University of Tehran Kish International Campus
- Motto: میاسای ز آموختن یک زمان
- Motto in English: Rest not a moment from learning
- Type: Public
- Established: 2007
- Affiliations: University of Tehran
- Chancellor: Dr Zargham
- Students: ~2500
- Location: Kish Island, Hormozgan, Iran 26°33′58.65″N 53°57′19.63″E﻿ / ﻿26.5662917°N 53.9554528°E
- Campus: Urban, 3.5 ha;
- Language: English language
- Colours: Blue
- Website: www.kish.ut.ac.ir www.ut.ac.ir

= Kish International Campus, University of Tehran =

University campus on Kish Island

University of Tehran's International Campus - Kish Island is located on Kish Island.
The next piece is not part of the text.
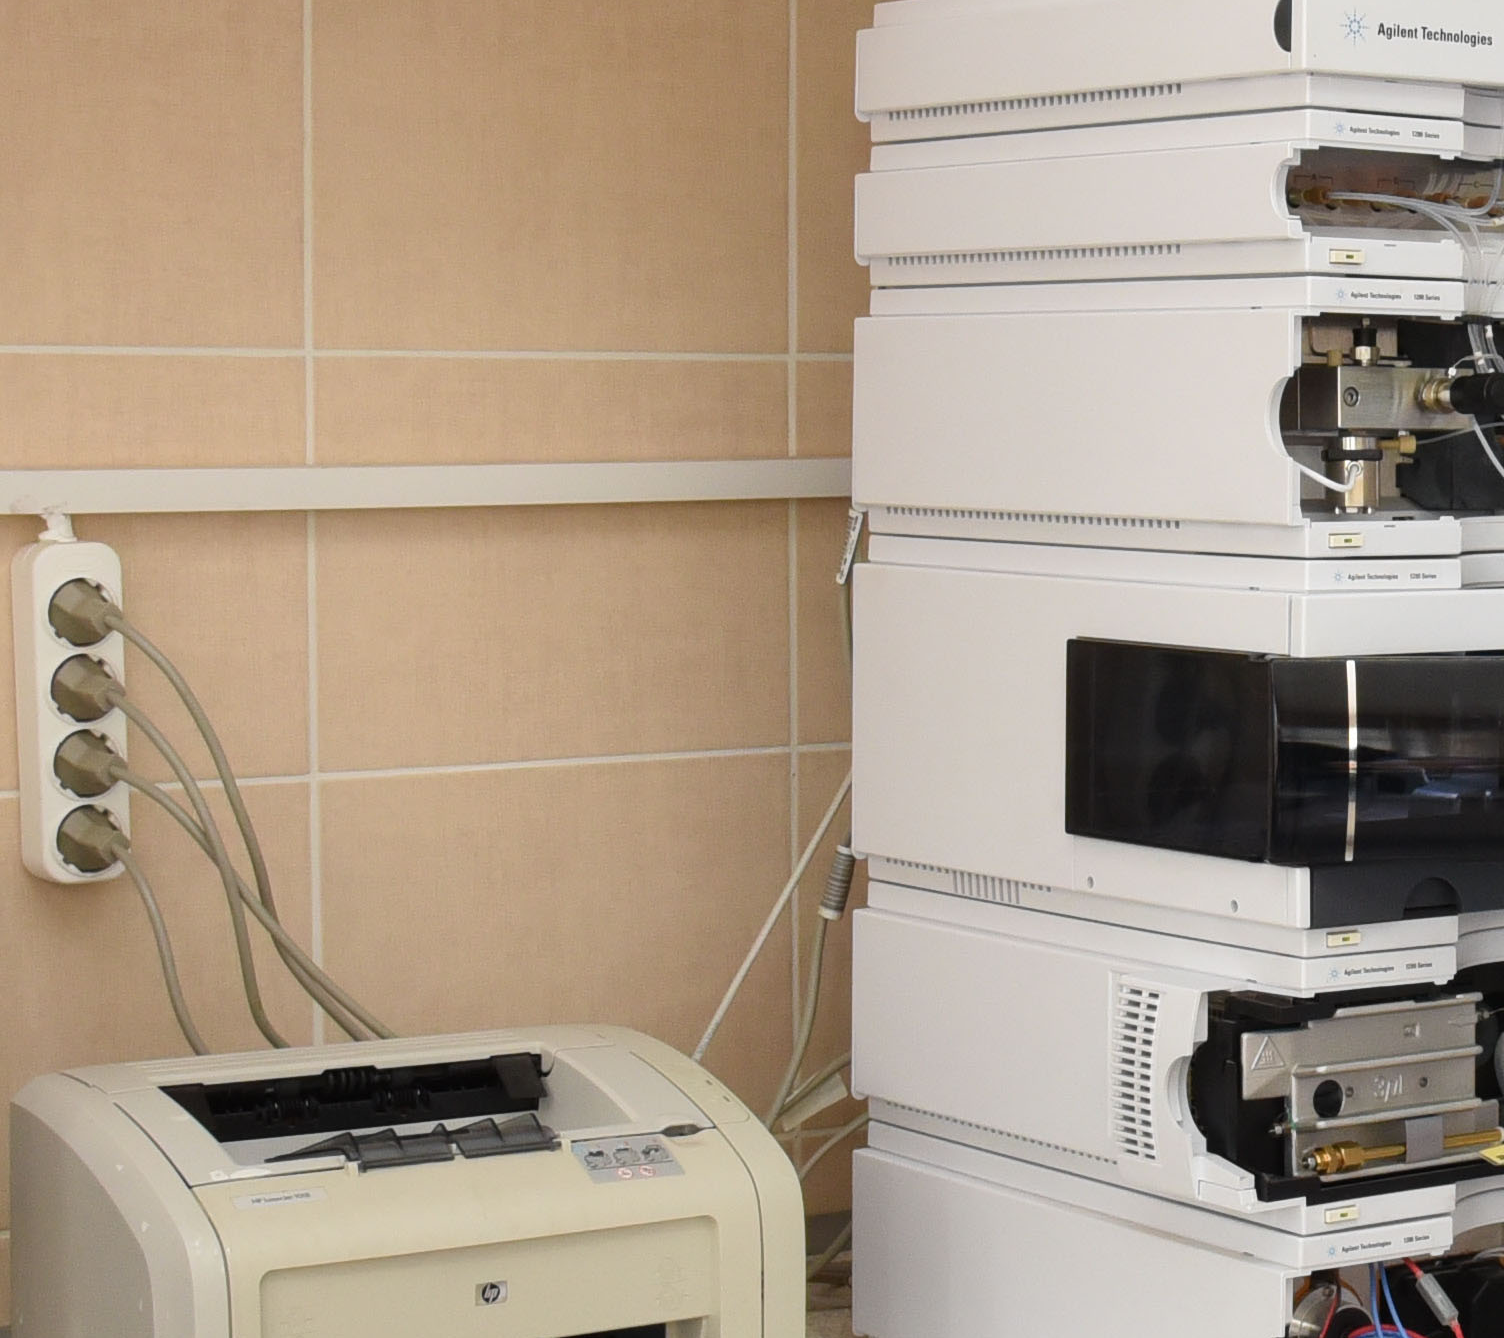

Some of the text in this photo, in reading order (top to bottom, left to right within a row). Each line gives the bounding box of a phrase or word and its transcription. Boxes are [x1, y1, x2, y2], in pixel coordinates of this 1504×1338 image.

The official language of the Kish International Campus is English and all courses are offered in English.

==Conferences==
The campus hosted the 14/6/2012 South Asian Teaching Session on International Humanitarian Law organized by the International Committee of the Red Cross, attended by seventy experts from eleven Asian countries.

==Departments==

- Engineering
- Fine Arts
- Law
- Management
- English
- Physical Education and Sports Sciences
- Economics
- Science and Biotechnology

== Degree programs ==
UT Kish International Campus offers the following degree programs:

=== Bachelor's Degree ===
- Architecture
- Industrial Design
- Painting
- Urbanism
- Engineering (Computer, Industrial, or Electrical)
- Financial Management
- Accounting
- Industrial Management
- Law

=== Master's Degree ===
- Financial Management
- MBA
- Sports Science and Physical Education
- Economic Sciences
- Accounting
- Industrial Management
- Tourism Management
- Geography (Tourism Planning)
- Graphics (Visual Communication)
- Architecture
- Industrial Design
- Visual Arts
- Painting
- Music Composing
- Urban Planning
- Urban Design
- Industrial Engineering
- Computer Engineering
- Information Technology
- Information Security
- Polymer Engineering
- Electrical Engineering
- Chemical Engineering (Hydrocarbon Reservoirs, Mechatronics)
- Cell and Molecular Sciences (Biology)
- Persian Literature
- English Literature
- TEFL
- International Law
- Public Law
- Private Law
- Environmental Design

=== PhD ===
- TEFL
- English Literature
- Persian Literature
- International Law
- Public Law
- Sports Sciences and Physical Education
- Corrective Exercise and Sports Injuries
- Sports Management
- Accounting
- Management (Finance, Research in Operation, Media, Production & Operations, Business)

==Cancer research==
Advanced studies conducted in Effect of Combination Exercise Training on Metabolic Syndrome Parameters in Postmenopausal Women with Breast Cancer were conducted at the UT's Kish International Campus have been registered with the United States Library of Medicine, National Institutes of Health.